Après avoir procédé à ces rappels et constats, les juges ont établi une analyse factuelle de la situation :
- la salariée, le jour de l’accident portait bien ses EPI (chaussures de sécurité) ;
- les termes du manuel du conducteur ne faisait pas référence à une quelconque possibilité, pour la salariée, de refuser l’opération de déchargement ;
- le protocole de sécurité n’a pas pu être produit pas un protagoniste ;
- il a été établi par les pièces versées au dossier que l’accident du transpalette était dû à l’erreur de la salariée, laquelle est imputable à l’absence de formation adéquat à ce type d’engin.
Les juges du fond ont conclu que le manquement de l’entreprise à son obligation de sécurité était avéré dans la mesure qu’alors même qu’il était exigé de la salariée qu’elle utilise régulièrement des transpalettes afin de procéder aux opérations de chargement et déchargement contractuellement prévues, aucune formation appropriée ne lui avait été fournie.
La Cour d’appel a également explicitement énoncé que la seule demande, résultant des termes du manuel du conducteur, de vigilance à l’égard des personnels de conduite était insuffisante pour remédier aux risques des opérations réalisées par la salariée.
3/ La position de la FNTR
L’arrêt est extrêmement intéressant, à plusieurs titres.
En premier lieu, en matière de formation : les entreprises doivent toujours corréler la formation dispensée à leurs salariés avec la réalité des tâches qui sont exigés d’eux. Même en l’absence de formation obligatoire, en l’espèce, liée au CACES, à partir du moment où un salarié est concrètement et de manière régulière exposé à un risque particulier, ce qui était le cas en l’espèce, il appartenait à l’entreprise de procéder à l’analyse du risque et de prendre les mesures nécessaires pour le limiter.
L’existence d’une formation appropriée au profit de la salariée aurait donc pu limiter le risque.

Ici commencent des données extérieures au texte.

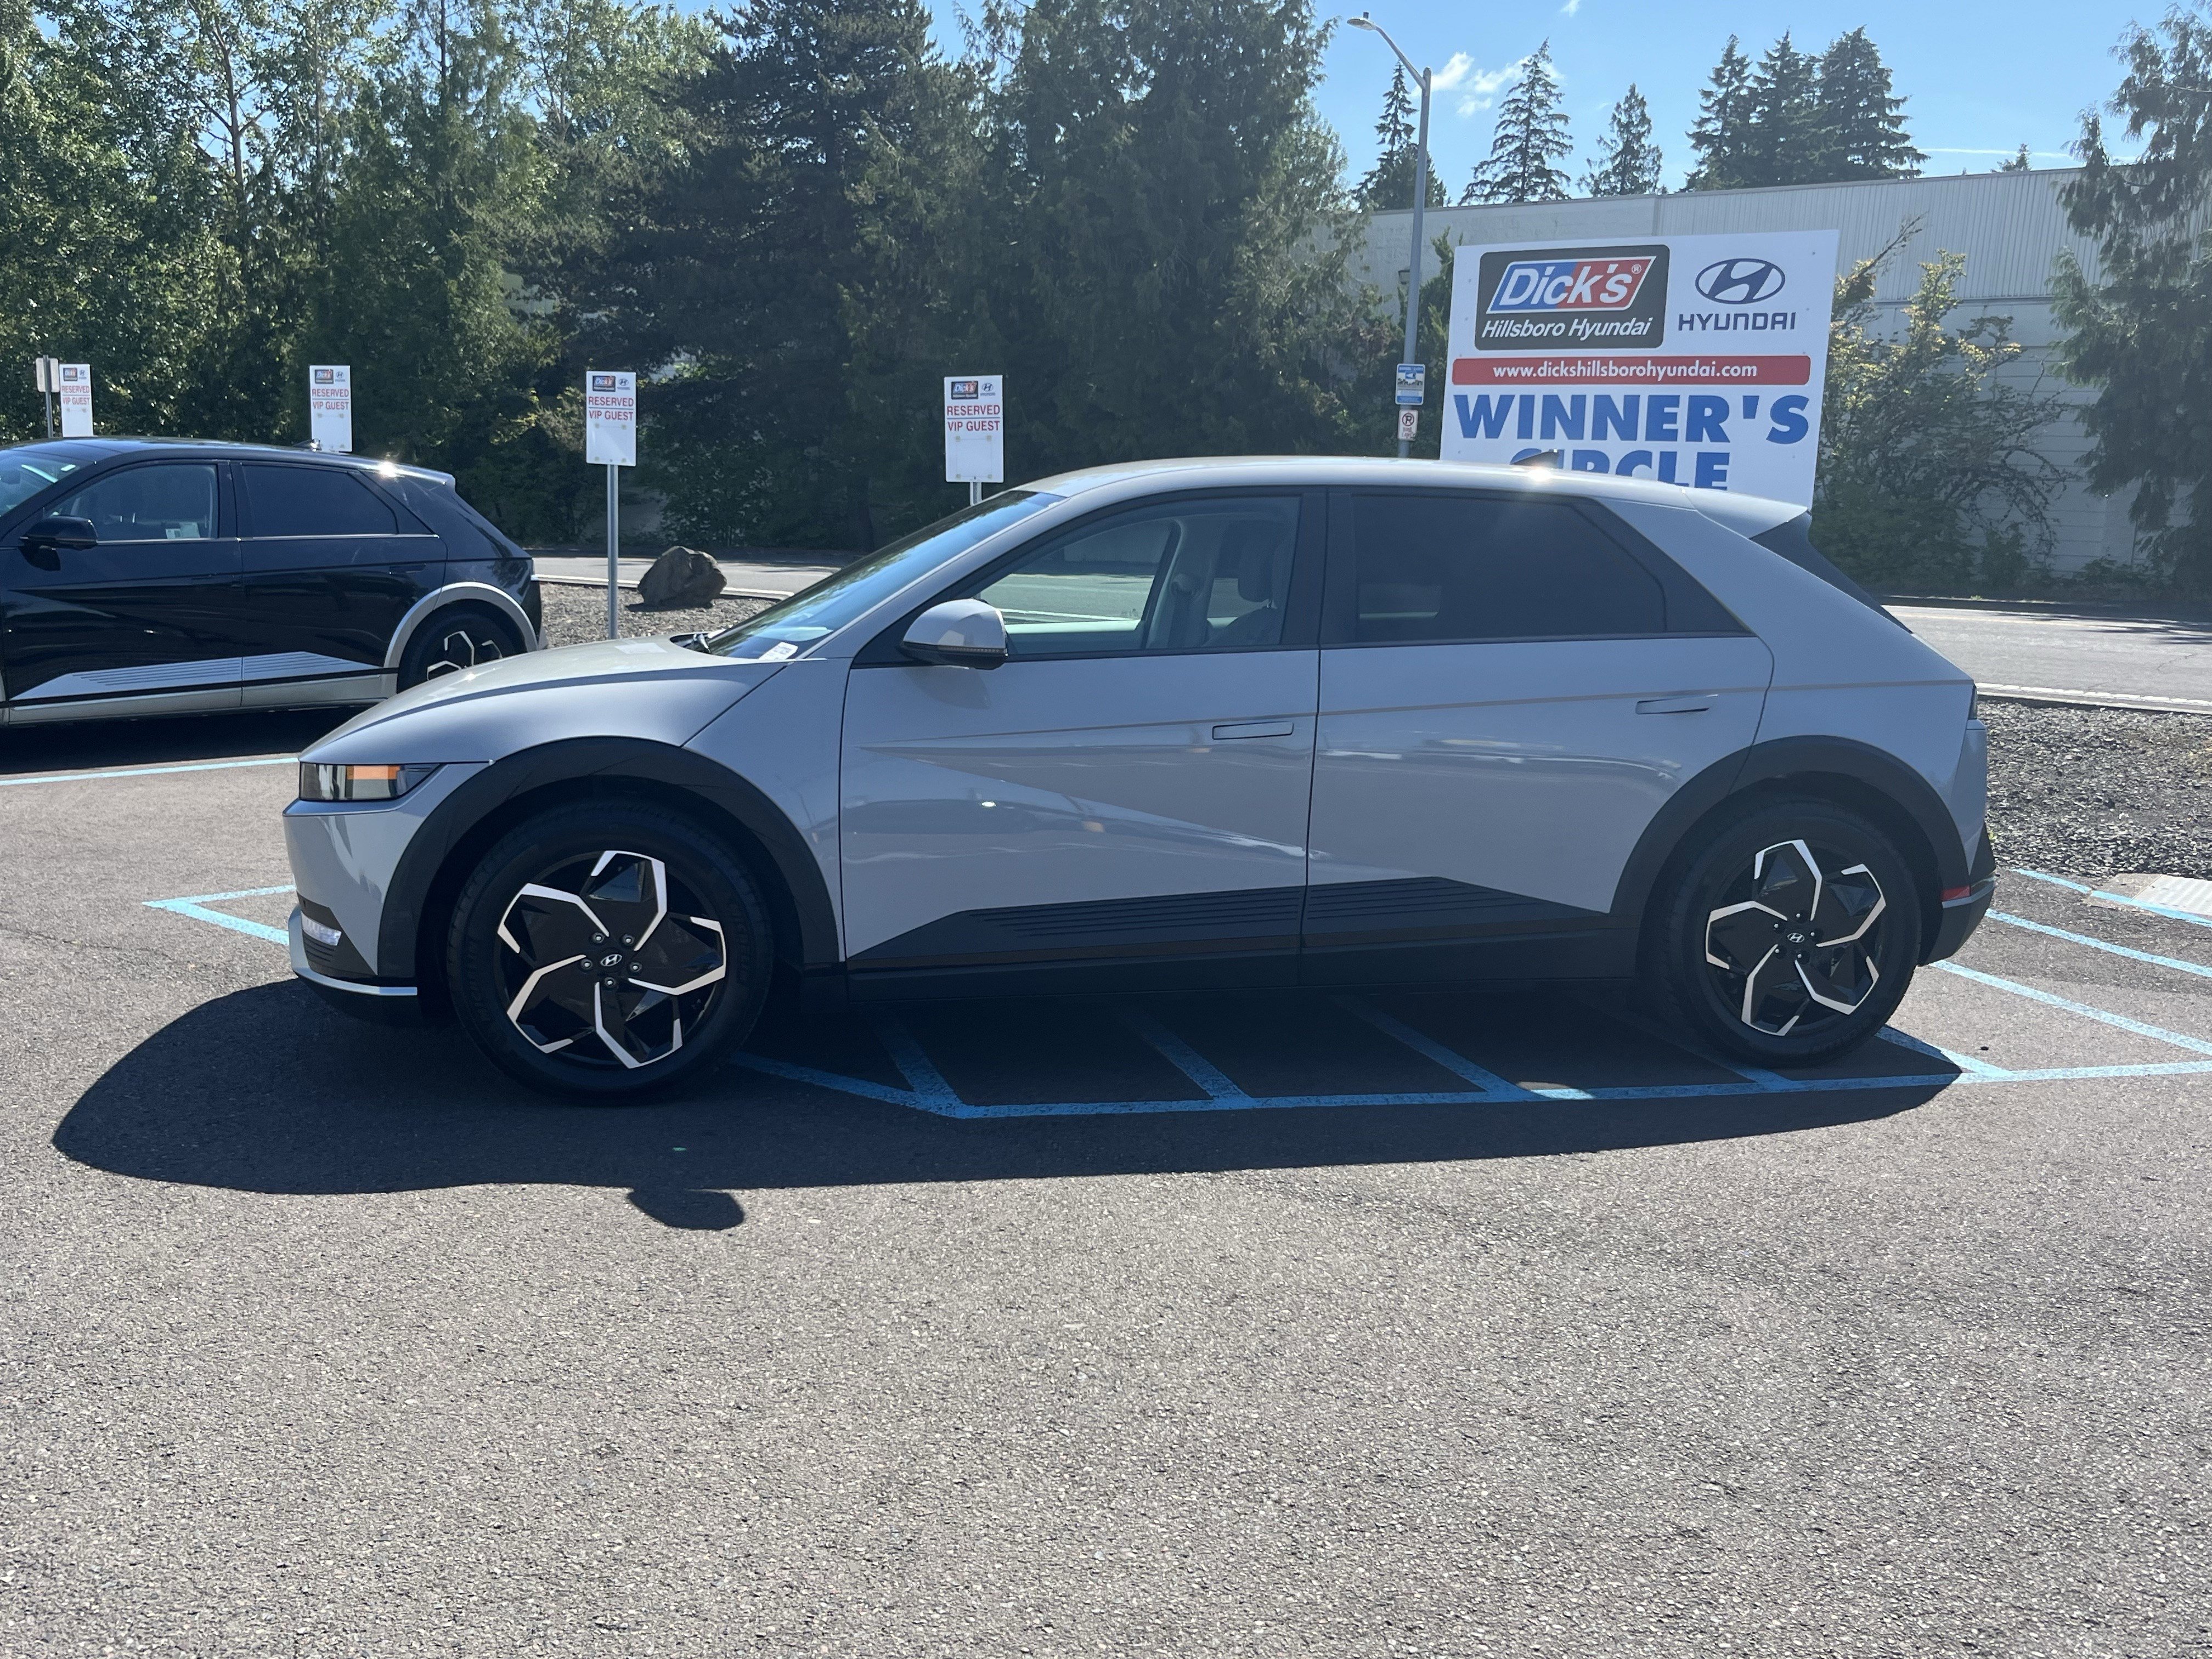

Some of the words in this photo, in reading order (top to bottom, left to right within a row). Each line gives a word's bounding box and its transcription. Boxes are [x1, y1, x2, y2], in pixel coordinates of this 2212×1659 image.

[1499, 264, 1633, 306] Dick's
[1678, 312, 1796, 331] HYUNDAI
[1481, 319, 1566, 338] Hillsboro
[1568, 317, 1654, 341] Hyundai
[1493, 359, 1757, 382] www.dickshillsborohyundai.com
[61, 385, 90, 393] RESERVED
[312, 388, 349, 397] RESERVED
[72, 397, 91, 405] GUEST
[312, 401, 324, 410] VIP
[325, 401, 349, 410] GUEST
[588, 396, 634, 407] RESERVED
[589, 410, 602, 420] VIP
[605, 411, 634, 421] GUEST
[946, 404, 1001, 416] RESERVED
[1453, 394, 1810, 445] WINNER'S
[947, 421, 963, 432] VIP
[966, 420, 1001, 432] GUEST

L’entreprise ne peut donc pas se retrancher, de manière automatique, derrière l’absence de caractère obligatoire d’une formation s’exonérer de sa responsabilité. Les entreprises sont donc invitées à la plus grande diligence sur ce point et à examiner les formations, non pas uniquement sous l’angle des formations obligatoires, mais aussi des formations nécessaires à l’exercice concret des tâches confiées à un salarié.
Ensuite, force est de constater qu’aucun protocole de sécurité n’a été versé aux débats. Ce point est évidemment extrêmement préoccupant et pose la double question de l’existence, d’une part, des protocoles de sécurité et, d’autre part, de leur efficacité. Des travaux sont menés visant à la recherche de formes plus adaptées, plus opérationnelles, au profit de l’ensemble des parties aux opérations de transports au sens large.

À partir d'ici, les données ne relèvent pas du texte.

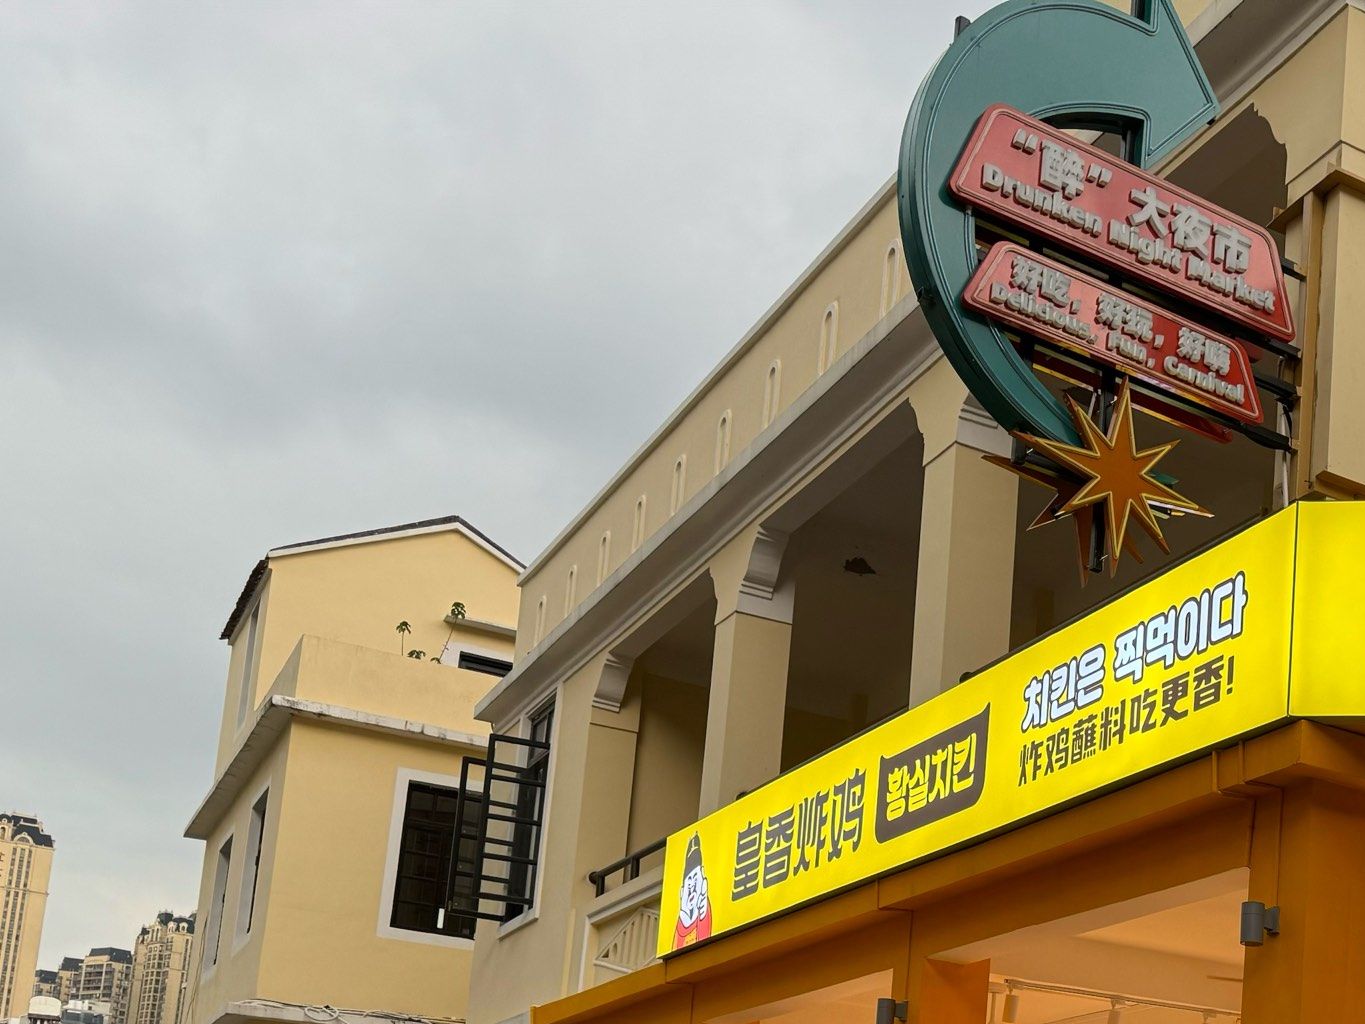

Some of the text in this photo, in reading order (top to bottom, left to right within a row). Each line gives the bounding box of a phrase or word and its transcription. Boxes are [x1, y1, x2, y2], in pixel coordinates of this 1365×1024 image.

[981, 163, 1275, 314] Drunken Night Market
[989, 282, 1245, 405] Delicious, Fun, Carnival
[1021, 570, 1248, 733] 치킨은 찍먹이다
[732, 767, 866, 901] 皇香炸鸡
[885, 732, 978, 822] 황실치킨

Enfin, l’arrêt soulève à nouveau la question des opérations de chargement-déchargement et le respect des règles applicables par certains clients. La récurrence de la problématique justifie les actions menées pour contraindre, par la voie normative, à une régulation des pratiques en la matière.
Seule cette contrainte permettra d’éviter un certain nombre d’accidents et de responsabiliser davantage un certain nombre de donneurs d’ordres.
A cet égard, les termes du 8e paragraphe du manuel du conducteur tels que mentionnés par l’arrêt sont édifiants, et ne peuvent être admis comme tels. En effet, il est expressément indiqué qu’un certain nombre d’opérations de chargement/déchargement s’effectuent dans des conditions de sécurité précaires et que cela engendre de nombreux accidents. Ce type de formulation dans un document remis aux salariés est pour le moins difficilement concevable, car si la référence à l’accidentologie n’est en soi pas fautive, qu’un document constate ouvertement que des opérations de salariés s’effectuent, fusse ponctuellement, dans des conditions de sécurité précaires (dont potentiellement illicites) est immédiatement juridiquement sanctionnable. C’est la raison pour laquelle la Cour d’appel a explicitement cité ce paragraphe.